#### Work instructions:
Type out the full set of entries again, unchanged.

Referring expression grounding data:
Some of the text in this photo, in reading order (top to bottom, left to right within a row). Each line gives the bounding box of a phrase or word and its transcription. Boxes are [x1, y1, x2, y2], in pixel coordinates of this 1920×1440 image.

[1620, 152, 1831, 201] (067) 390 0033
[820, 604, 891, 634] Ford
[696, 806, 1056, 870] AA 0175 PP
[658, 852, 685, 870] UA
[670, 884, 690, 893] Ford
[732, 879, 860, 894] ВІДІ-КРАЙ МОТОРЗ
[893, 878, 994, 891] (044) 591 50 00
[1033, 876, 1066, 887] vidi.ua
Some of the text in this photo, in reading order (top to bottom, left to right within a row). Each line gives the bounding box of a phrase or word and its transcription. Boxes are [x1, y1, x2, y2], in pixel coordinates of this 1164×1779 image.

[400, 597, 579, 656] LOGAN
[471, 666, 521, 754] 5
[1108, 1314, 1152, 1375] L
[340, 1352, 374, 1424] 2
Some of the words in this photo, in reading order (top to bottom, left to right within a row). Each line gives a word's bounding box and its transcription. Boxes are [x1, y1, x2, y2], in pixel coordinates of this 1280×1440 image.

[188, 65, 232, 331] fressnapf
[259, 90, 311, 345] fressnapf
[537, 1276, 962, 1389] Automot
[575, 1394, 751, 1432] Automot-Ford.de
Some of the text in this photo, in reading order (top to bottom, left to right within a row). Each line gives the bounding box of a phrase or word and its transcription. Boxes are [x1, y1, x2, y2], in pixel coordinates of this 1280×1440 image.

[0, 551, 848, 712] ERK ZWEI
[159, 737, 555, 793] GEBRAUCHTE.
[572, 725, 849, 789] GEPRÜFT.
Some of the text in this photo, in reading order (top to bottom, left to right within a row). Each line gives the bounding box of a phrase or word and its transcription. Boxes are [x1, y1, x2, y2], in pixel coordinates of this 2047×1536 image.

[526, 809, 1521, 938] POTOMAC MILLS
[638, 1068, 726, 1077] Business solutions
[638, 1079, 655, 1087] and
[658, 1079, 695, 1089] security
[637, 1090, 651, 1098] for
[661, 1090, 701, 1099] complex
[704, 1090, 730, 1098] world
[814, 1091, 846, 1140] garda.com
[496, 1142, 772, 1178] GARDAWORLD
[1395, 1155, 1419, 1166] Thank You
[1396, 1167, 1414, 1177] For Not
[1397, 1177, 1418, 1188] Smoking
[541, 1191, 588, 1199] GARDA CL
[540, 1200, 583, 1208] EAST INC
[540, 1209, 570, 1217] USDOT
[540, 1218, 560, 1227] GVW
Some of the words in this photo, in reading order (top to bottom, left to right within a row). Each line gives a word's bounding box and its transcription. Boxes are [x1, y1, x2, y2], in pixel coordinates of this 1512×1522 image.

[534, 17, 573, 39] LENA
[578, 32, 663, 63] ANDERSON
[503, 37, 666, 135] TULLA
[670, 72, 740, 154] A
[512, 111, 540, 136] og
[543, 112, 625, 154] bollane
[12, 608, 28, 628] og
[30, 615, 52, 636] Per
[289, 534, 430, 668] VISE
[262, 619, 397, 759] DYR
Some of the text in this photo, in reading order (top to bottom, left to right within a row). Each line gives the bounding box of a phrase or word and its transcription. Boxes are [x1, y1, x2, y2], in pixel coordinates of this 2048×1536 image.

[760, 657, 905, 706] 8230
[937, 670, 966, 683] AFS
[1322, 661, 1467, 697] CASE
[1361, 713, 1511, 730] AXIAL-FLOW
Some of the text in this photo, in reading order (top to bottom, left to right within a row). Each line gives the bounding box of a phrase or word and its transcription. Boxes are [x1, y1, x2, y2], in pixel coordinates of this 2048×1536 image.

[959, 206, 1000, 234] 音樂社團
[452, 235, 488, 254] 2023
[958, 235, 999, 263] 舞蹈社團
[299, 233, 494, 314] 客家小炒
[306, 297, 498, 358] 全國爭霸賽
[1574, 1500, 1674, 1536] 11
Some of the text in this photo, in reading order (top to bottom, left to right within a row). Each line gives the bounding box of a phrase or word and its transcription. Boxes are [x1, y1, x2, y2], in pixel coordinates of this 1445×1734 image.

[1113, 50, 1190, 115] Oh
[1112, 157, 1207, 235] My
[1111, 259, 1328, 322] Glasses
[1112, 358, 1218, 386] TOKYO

#### Solution to this exercise:
Some of the text in this photo, in reading order (top to bottom, left to right within a row). Each line gives the bounding box of a phrase or word and its transcription. Boxes are [x1, y1, x2, y2], in pixel coordinates of this 1920×1440 image.

[1620, 152, 1831, 201] (067) 390 0033
[820, 604, 891, 634] Ford
[696, 806, 1056, 870] AA 0175 PP
[658, 852, 685, 870] UA
[670, 884, 690, 893] Ford
[732, 879, 860, 894] ВІДІ-КРАЙ МОТОРЗ
[893, 878, 994, 891] (044) 591 50 00
[1033, 876, 1066, 887] vidi.ua
Some of the text in this photo, in reading order (top to bottom, left to right within a row). Each line gives the bounding box of a phrase or word and its transcription. Boxes are [x1, y1, x2, y2], in pixel coordinates of this 1164×1779 image.

[400, 597, 579, 656] LOGAN
[471, 666, 521, 754] 5
[1108, 1314, 1152, 1375] L
[340, 1352, 374, 1424] 2
Some of the words in this photo, in reading order (top to bottom, left to right within a row). Each line gives a word's bounding box and its transcription. Boxes are [x1, y1, x2, y2], in pixel coordinates of this 1280×1440 image.

[188, 65, 232, 331] fressnapf
[259, 90, 311, 345] fressnapf
[537, 1276, 962, 1389] Automot
[575, 1394, 751, 1432] Automot-Ford.de
Some of the text in this photo, in reading order (top to bottom, left to right within a row). Each line gives the bounding box of a phrase or word and its transcription. Boxes are [x1, y1, x2, y2], in pixel coordinates of this 1280×1440 image.

[0, 551, 848, 712] ERK ZWEI
[159, 737, 555, 793] GEBRAUCHTE.
[572, 725, 849, 789] GEPRÜFT.
Some of the text in this photo, in reading order (top to bottom, left to right within a row). Each line gives the bounding box of a phrase or word and its transcription. Boxes are [x1, y1, x2, y2], in pixel coordinates of this 2047×1536 image.

[526, 809, 1521, 938] POTOMAC MILLS
[638, 1068, 726, 1077] Business solutions
[638, 1079, 655, 1087] and
[658, 1079, 695, 1089] security
[637, 1090, 651, 1098] for
[661, 1090, 701, 1099] complex
[704, 1090, 730, 1098] world
[814, 1091, 846, 1140] garda.com
[496, 1142, 772, 1178] GARDAWORLD
[1395, 1155, 1419, 1166] Thank You
[1396, 1167, 1414, 1177] For Not
[1397, 1177, 1418, 1188] Smoking
[541, 1191, 588, 1199] GARDA CL
[540, 1200, 583, 1208] EAST INC
[540, 1209, 570, 1217] USDOT
[540, 1218, 560, 1227] GVW
Some of the words in this photo, in reading order (top to bottom, left to right within a row). Each line gives a word's bounding box and its transcription. Boxes are [x1, y1, x2, y2], in pixel coordinates of this 1512×1522 image.

[534, 17, 573, 39] LENA
[578, 32, 663, 63] ANDERSON
[503, 37, 666, 135] TULLA
[670, 72, 740, 154] A
[512, 111, 540, 136] og
[543, 112, 625, 154] bollane
[12, 608, 28, 628] og
[30, 615, 52, 636] Per
[289, 534, 430, 668] VISE
[262, 619, 397, 759] DYR
Some of the text in this photo, in reading order (top to bottom, left to right within a row). Each line gives the bounding box of a phrase or word and its transcription. Boxes are [x1, y1, x2, y2], in pixel coordinates of this 2048×1536 image.

[760, 657, 905, 706] 8230
[937, 670, 966, 683] AFS
[1322, 661, 1467, 697] CASE
[1361, 713, 1511, 730] AXIAL-FLOW
Some of the text in this photo, in reading order (top to bottom, left to right within a row). Each line gives the bounding box of a phrase or word and its transcription. Boxes are [x1, y1, x2, y2], in pixel coordinates of this 2048×1536 image.

[959, 206, 1000, 234] 音樂社團
[452, 235, 488, 254] 2023
[958, 235, 999, 263] 舞蹈社團
[299, 233, 494, 314] 客家小炒
[306, 297, 498, 358] 全國爭霸賽
[1574, 1500, 1674, 1536] 11
Some of the text in this photo, in reading order (top to bottom, left to right within a row). Each line gives the bounding box of a phrase or word and its transcription. Boxes are [x1, y1, x2, y2], in pixel coordinates of this 1445×1734 image.

[1113, 50, 1190, 115] Oh
[1112, 157, 1207, 235] My
[1111, 259, 1328, 322] Glasses
[1112, 358, 1218, 386] TOKYO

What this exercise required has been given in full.